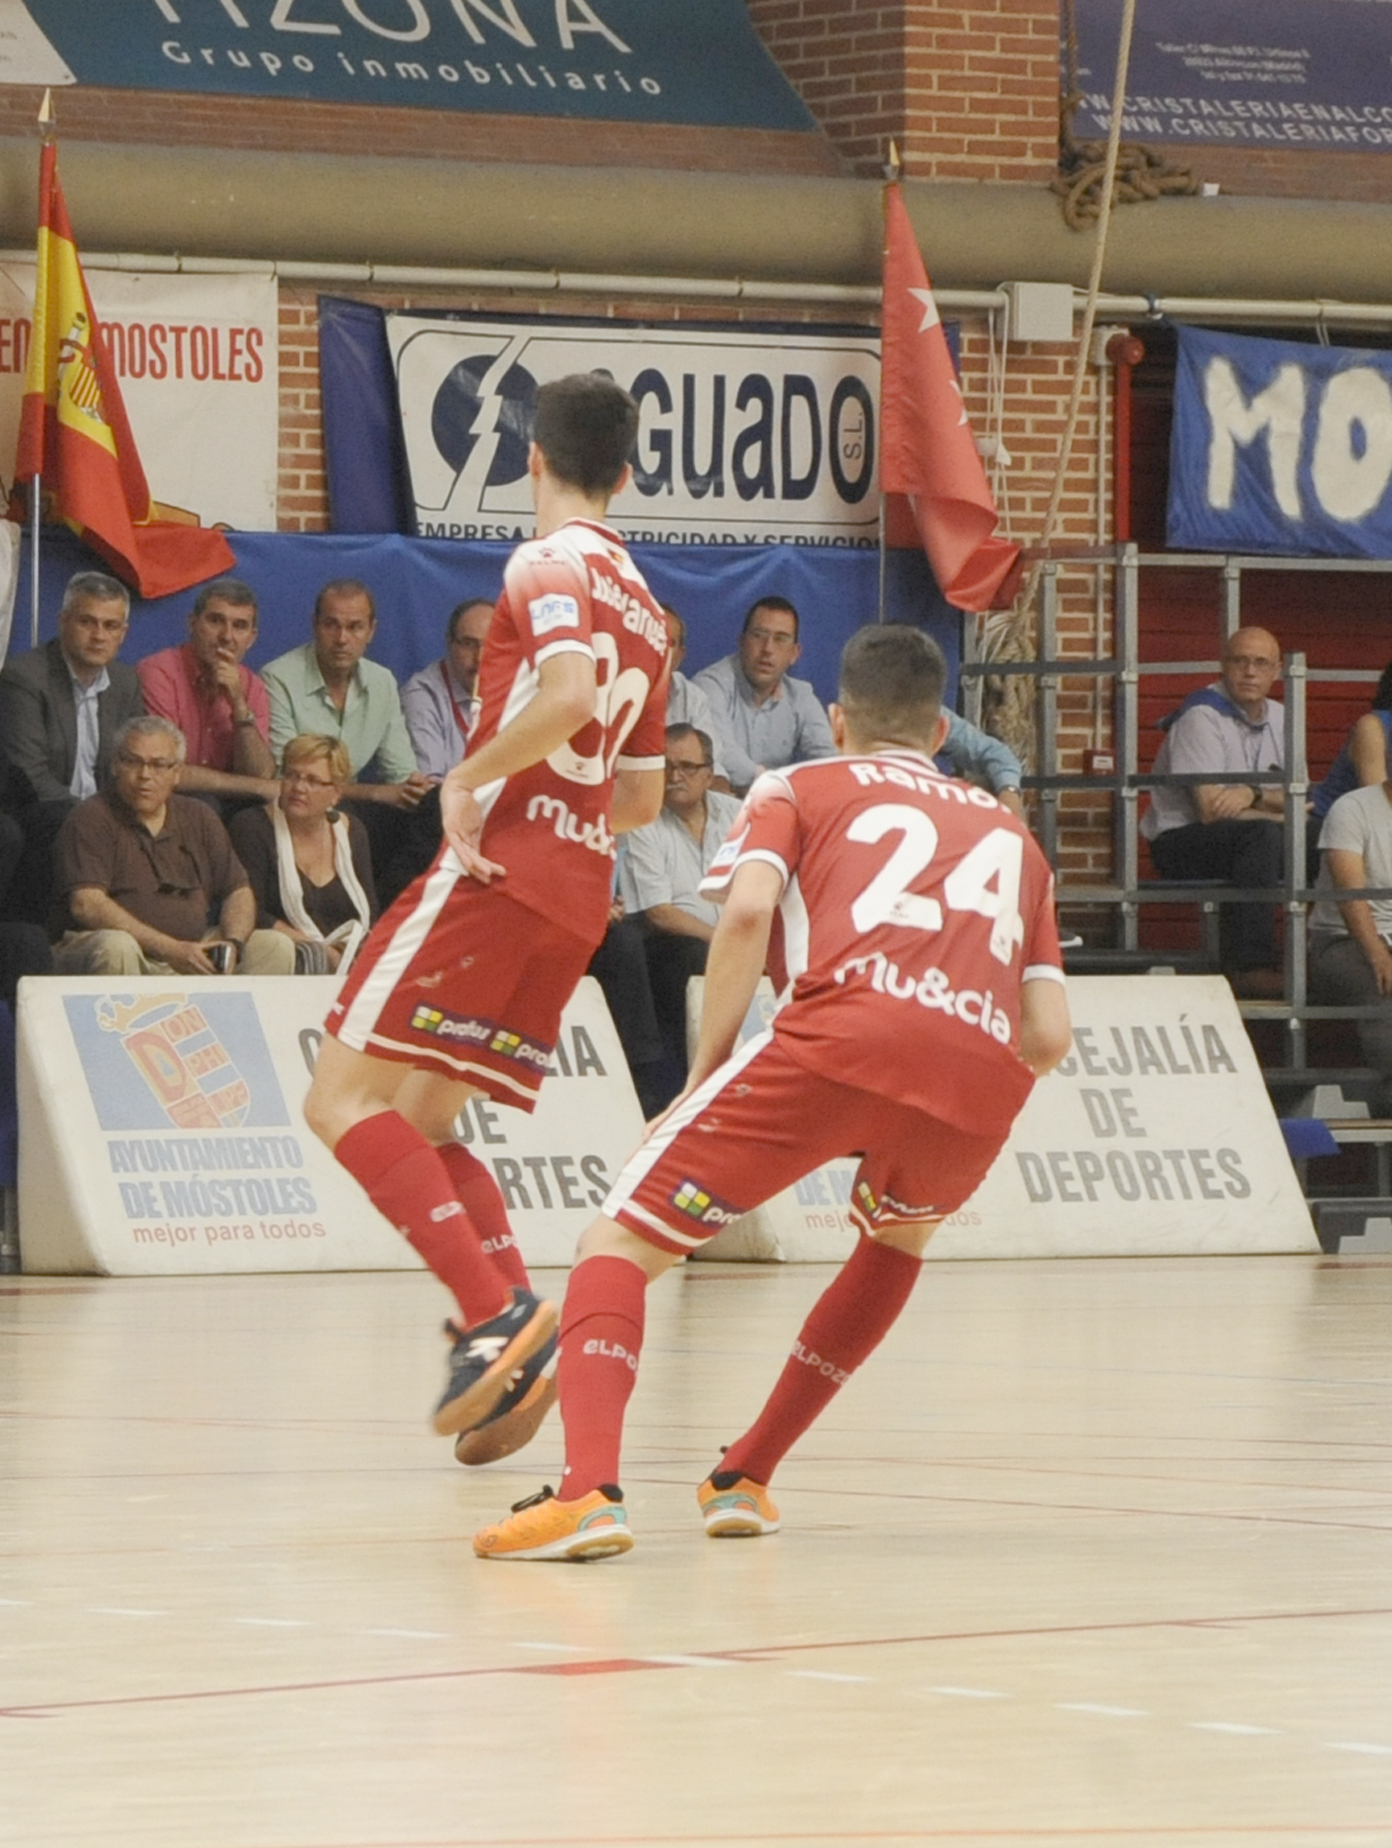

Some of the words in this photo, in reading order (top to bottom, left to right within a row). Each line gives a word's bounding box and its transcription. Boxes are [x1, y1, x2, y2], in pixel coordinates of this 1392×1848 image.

[162, 41, 314, 76] Grupo
[337, 51, 661, 95] inmobiliario
[99, 321, 264, 383] MOSTOLES
[588, 368, 875, 505] GUaDO
[846, 803, 1025, 967] 24
[834, 951, 1011, 1044] mu&cia
[1079, 1088, 1148, 1138] DE
[108, 1135, 304, 1174] AYUNTAMIENTO
[1015, 1148, 1253, 1204] DEPORTES
[118, 1181, 163, 1219] DE
[159, 1173, 318, 1218] MÓSTOLES
[492, 1155, 612, 1211] RTES
[133, 1223, 196, 1247] mejor
[204, 1224, 255, 1246] para
[259, 1219, 326, 1240] todos
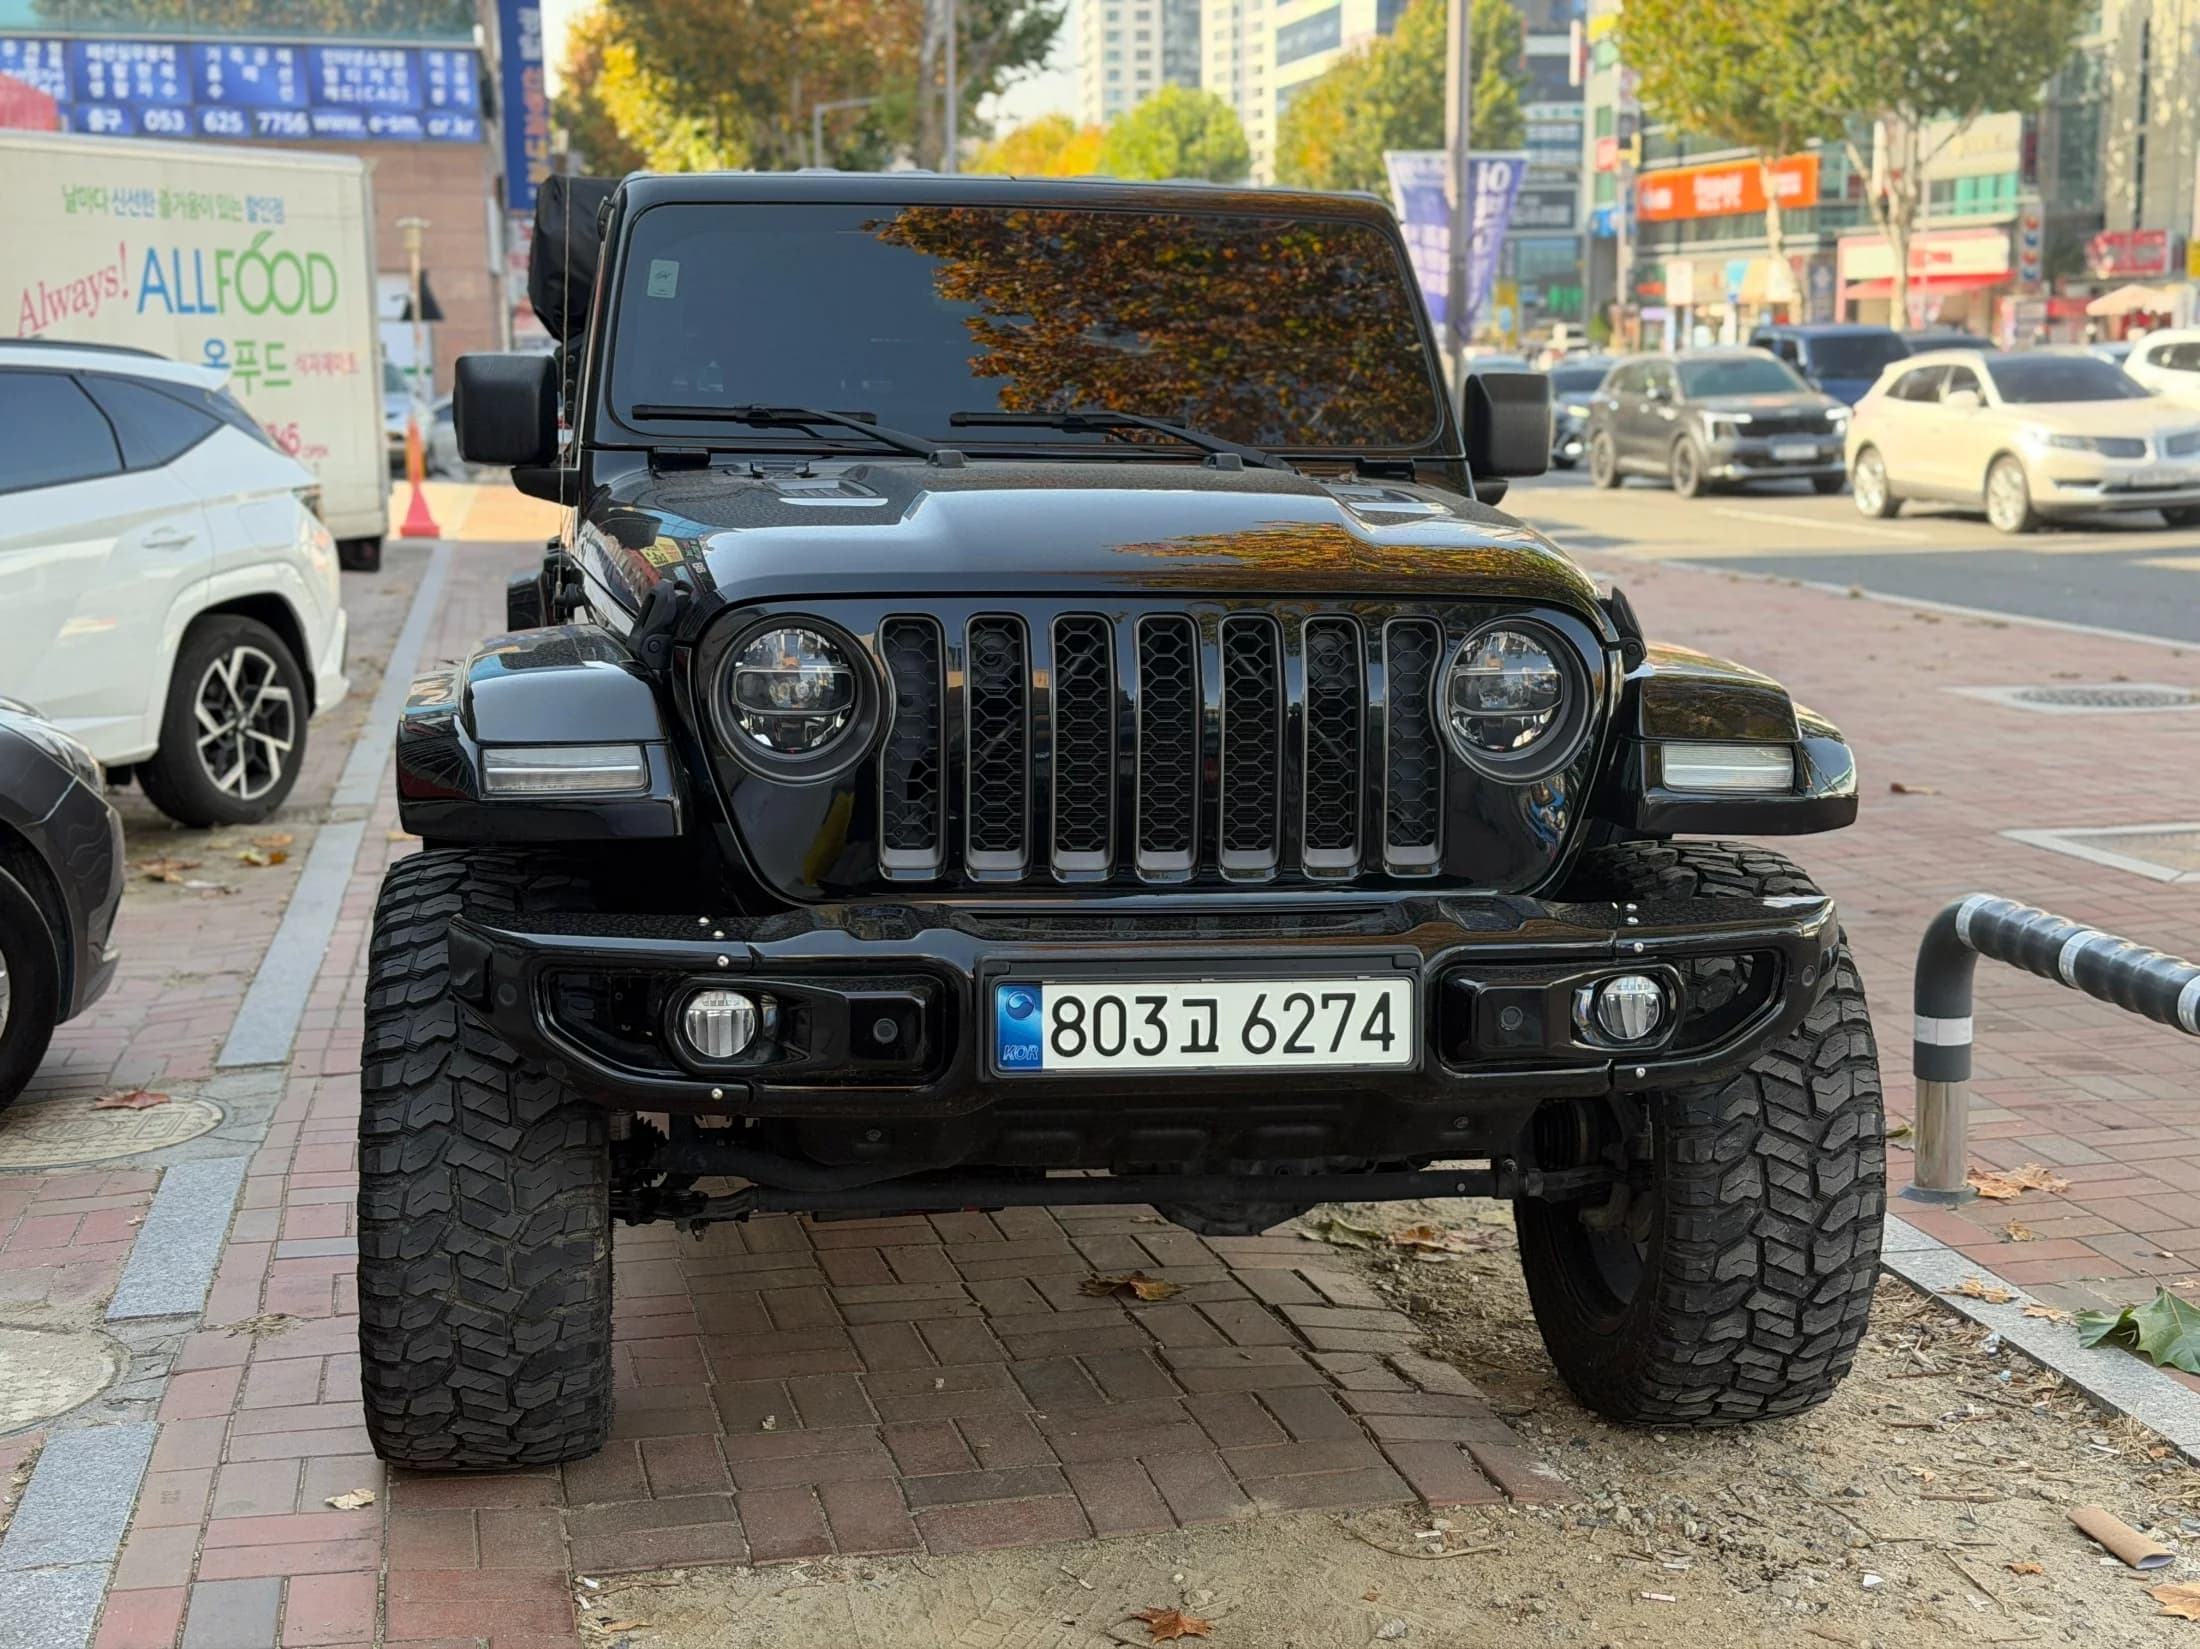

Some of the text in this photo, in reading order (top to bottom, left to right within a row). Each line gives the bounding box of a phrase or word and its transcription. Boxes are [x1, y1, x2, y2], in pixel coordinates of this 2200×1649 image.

## DESCRIPTION OF THE TASK
Transcribe the records verbatim and omit the images.

## FINISHED EXERCISE
Some of the words in this photo, in reading order (top to bottom, left to right within a row). Each line gives a word's bounding box and its transcription. Boxes are [x1, y1, x2, y2], in pixel coordinates of this 1392×1848 image.

[162, 41, 314, 76] Grupo
[337, 51, 661, 95] inmobiliario
[99, 321, 264, 383] MOSTOLES
[588, 368, 875, 505] GUaDO
[846, 803, 1025, 967] 24
[834, 951, 1011, 1044] mu&cia
[1079, 1088, 1148, 1138] DE
[108, 1135, 304, 1174] AYUNTAMIENTO
[1015, 1148, 1253, 1204] DEPORTES
[118, 1181, 163, 1219] DE
[159, 1173, 318, 1218] MÓSTOLES
[492, 1155, 612, 1211] RTES
[133, 1223, 196, 1247] mejor
[204, 1224, 255, 1246] para
[259, 1219, 326, 1240] todos

Some of the text in this photo, in reading order (top to bottom, left to right within a row). Each line gives the bounding box of a phrase or word and its transcription. Boxes are [x1, y1, x2, y2], in pixel coordinates of this 2200×1649 image.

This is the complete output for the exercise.